• Work instruction:
Set down every record below exactly as it appears, but without the pictures.

Extracted records:

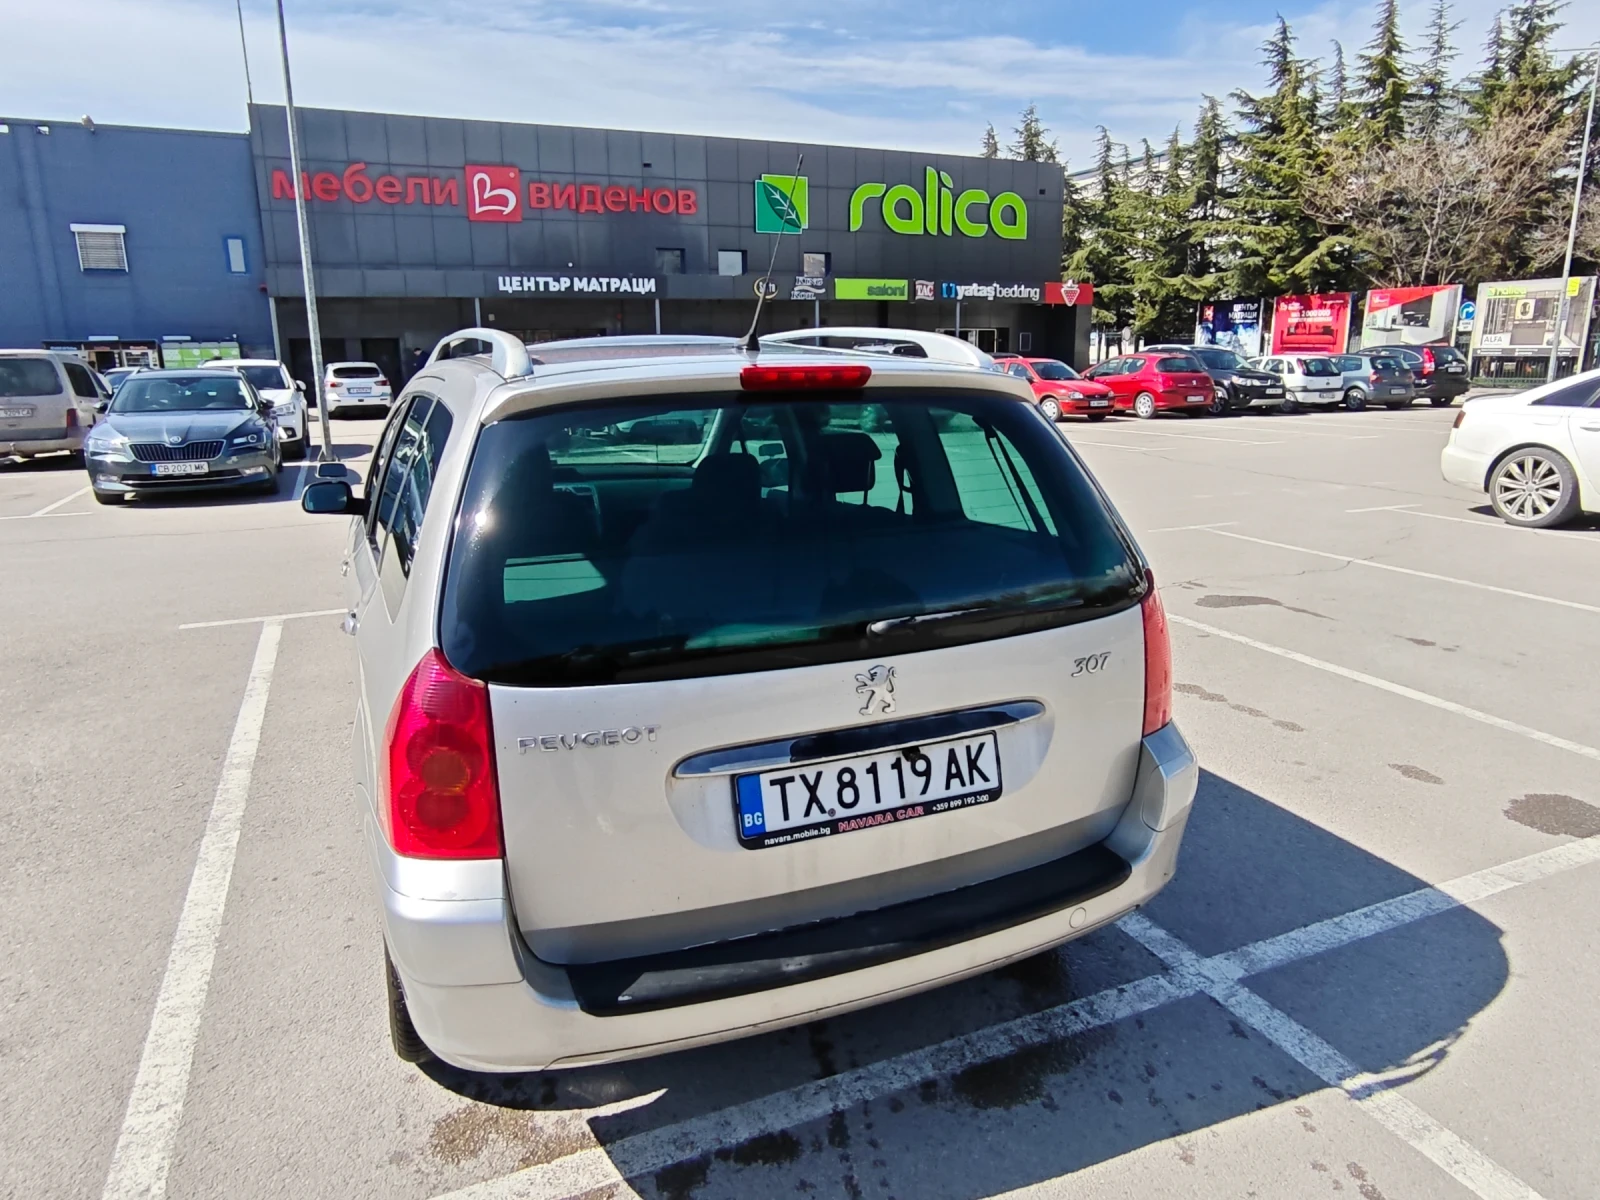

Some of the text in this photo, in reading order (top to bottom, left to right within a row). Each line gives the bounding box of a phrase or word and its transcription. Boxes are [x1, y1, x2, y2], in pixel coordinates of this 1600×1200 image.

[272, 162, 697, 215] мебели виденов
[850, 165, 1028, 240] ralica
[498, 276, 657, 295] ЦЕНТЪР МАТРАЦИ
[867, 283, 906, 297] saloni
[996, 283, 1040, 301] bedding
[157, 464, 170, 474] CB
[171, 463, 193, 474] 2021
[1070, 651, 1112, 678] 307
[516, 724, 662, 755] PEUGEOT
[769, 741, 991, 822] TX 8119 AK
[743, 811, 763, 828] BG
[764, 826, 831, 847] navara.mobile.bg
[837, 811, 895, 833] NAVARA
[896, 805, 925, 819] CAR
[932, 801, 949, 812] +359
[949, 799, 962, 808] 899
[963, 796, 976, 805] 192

• Finished exercise:
Some of the text in this photo, in reading order (top to bottom, left to right within a row). Each line gives the bounding box of a phrase or word and its transcription. Boxes are [x1, y1, x2, y2], in pixel coordinates of this 1600×1200 image.

[272, 162, 697, 215] мебели виденов
[850, 165, 1028, 240] ralica
[498, 276, 657, 295] ЦЕНТЪР МАТРАЦИ
[867, 283, 906, 297] saloni
[996, 283, 1040, 301] bedding
[157, 464, 170, 474] CB
[171, 463, 193, 474] 2021
[1070, 651, 1112, 678] 307
[516, 724, 662, 755] PEUGEOT
[769, 741, 991, 822] TX 8119 AK
[743, 811, 763, 828] BG
[764, 826, 831, 847] navara.mobile.bg
[837, 811, 895, 833] NAVARA
[896, 805, 925, 819] CAR
[932, 801, 949, 812] +359
[949, 799, 962, 808] 899
[963, 796, 976, 805] 192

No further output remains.